Assigned task
Every entry below should be repeated exactly; the pictures should not.

··········

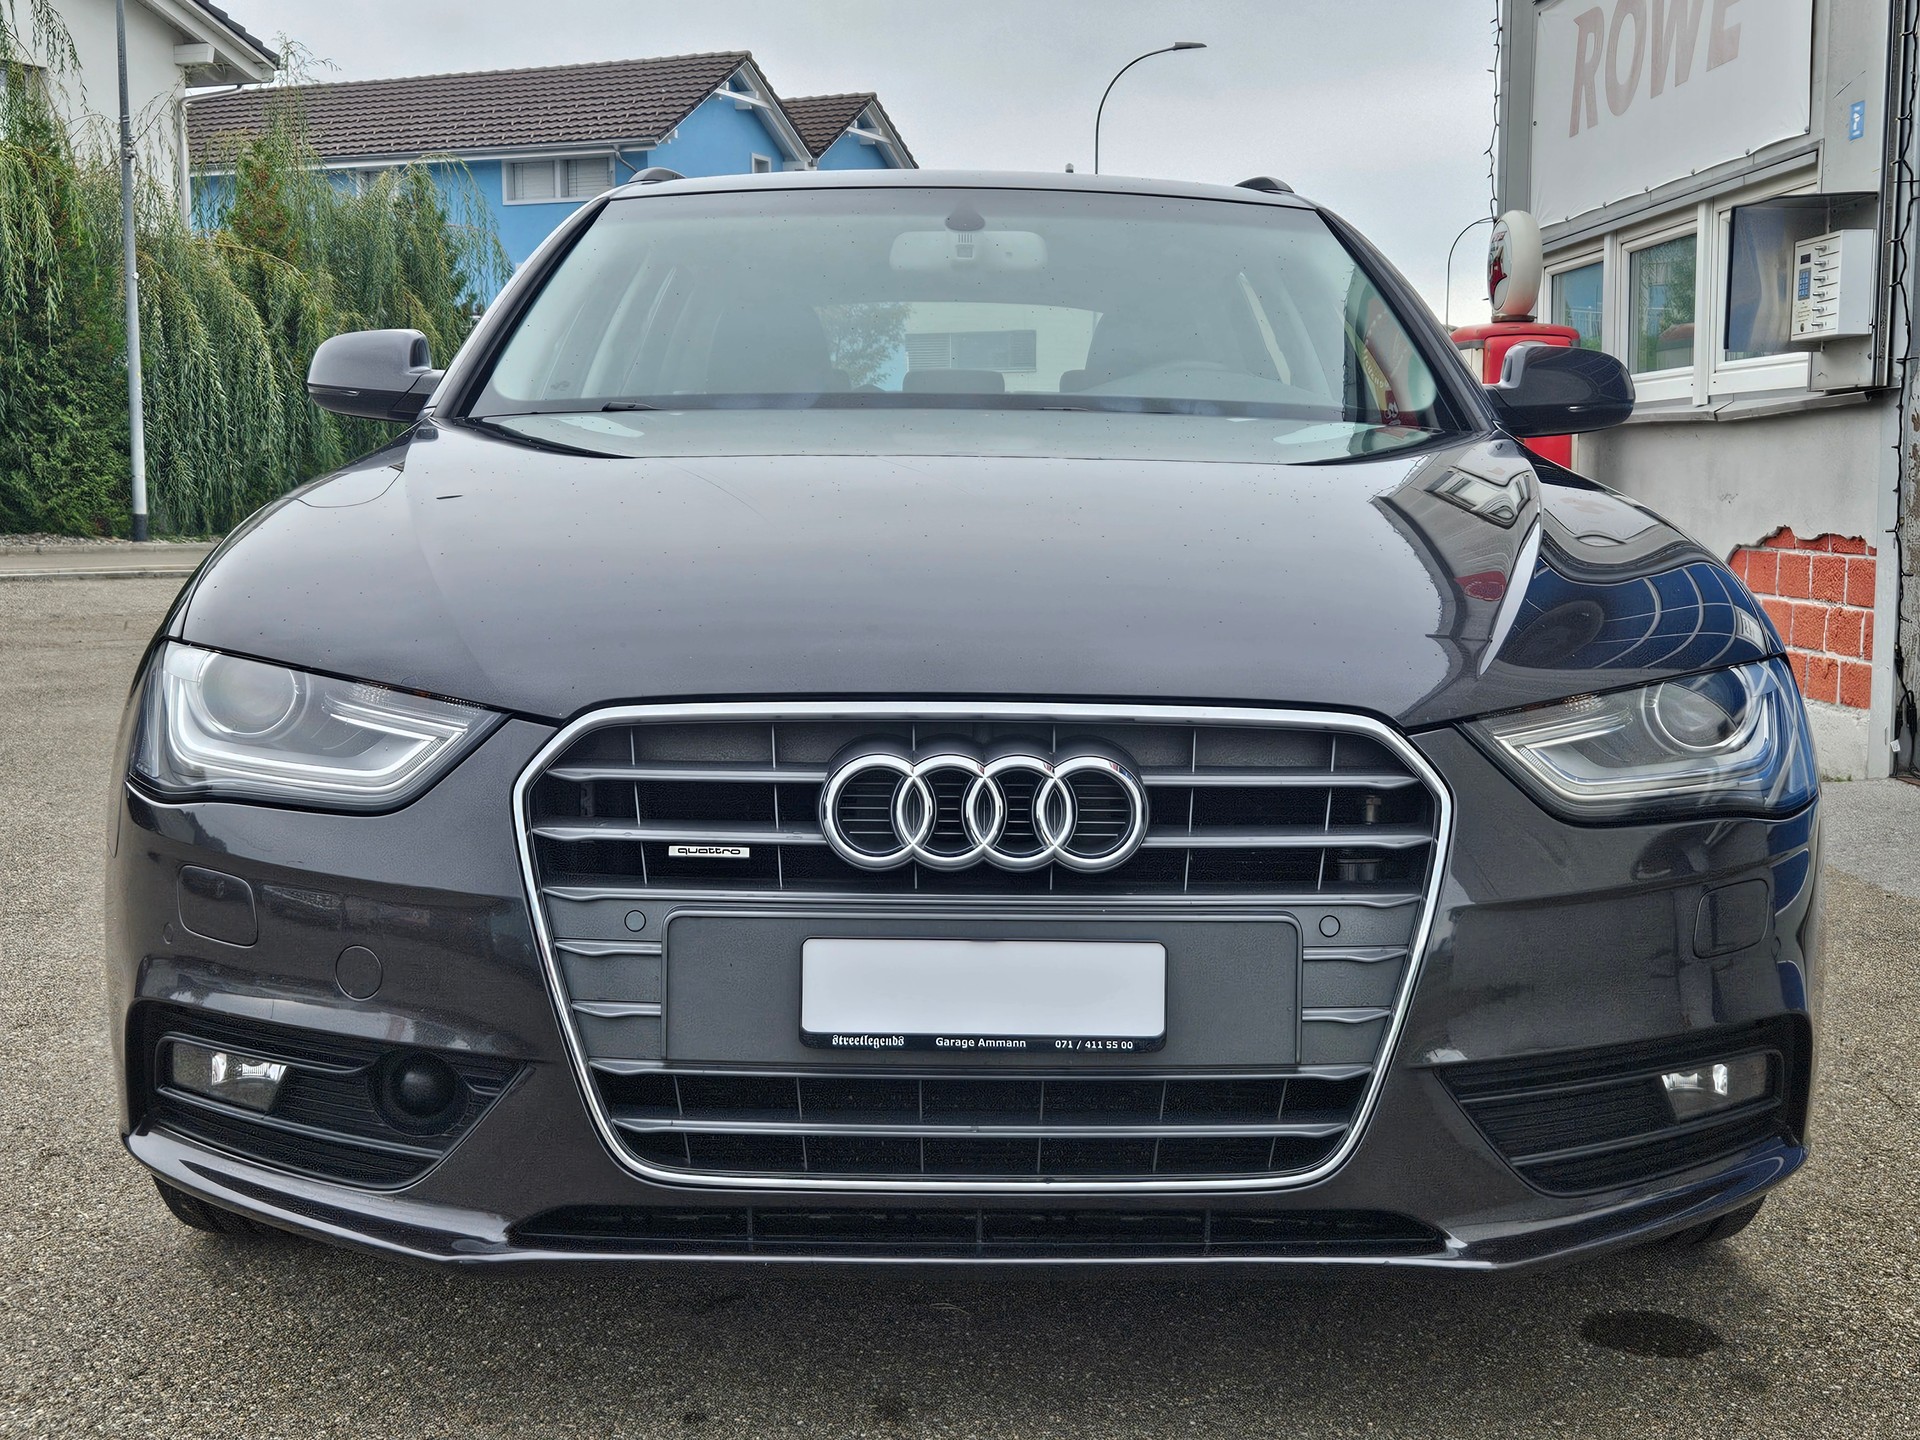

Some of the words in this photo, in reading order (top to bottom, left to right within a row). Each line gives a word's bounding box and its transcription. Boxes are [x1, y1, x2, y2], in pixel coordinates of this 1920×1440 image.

[677, 847, 741, 856] quattro
[935, 1036, 975, 1049] Garage
[977, 1037, 1027, 1048] Ammann
[1055, 1039, 1073, 1049] 071
[1076, 1039, 1082, 1050] /
[1084, 1039, 1103, 1049] 411
[1106, 1039, 1118, 1049] 55
[1120, 1039, 1134, 1049] 00

··········

Written solution
Some of the words in this photo, in reading order (top to bottom, left to right within a row). Each line gives a word's bounding box and its transcription. Boxes are [x1, y1, x2, y2], in pixel coordinates of this 1920×1440 image.

[677, 847, 741, 856] quattro
[935, 1036, 975, 1049] Garage
[977, 1037, 1027, 1048] Ammann
[1055, 1039, 1073, 1049] 071
[1076, 1039, 1082, 1050] /
[1084, 1039, 1103, 1049] 411
[1106, 1039, 1118, 1049] 55
[1120, 1039, 1134, 1049] 00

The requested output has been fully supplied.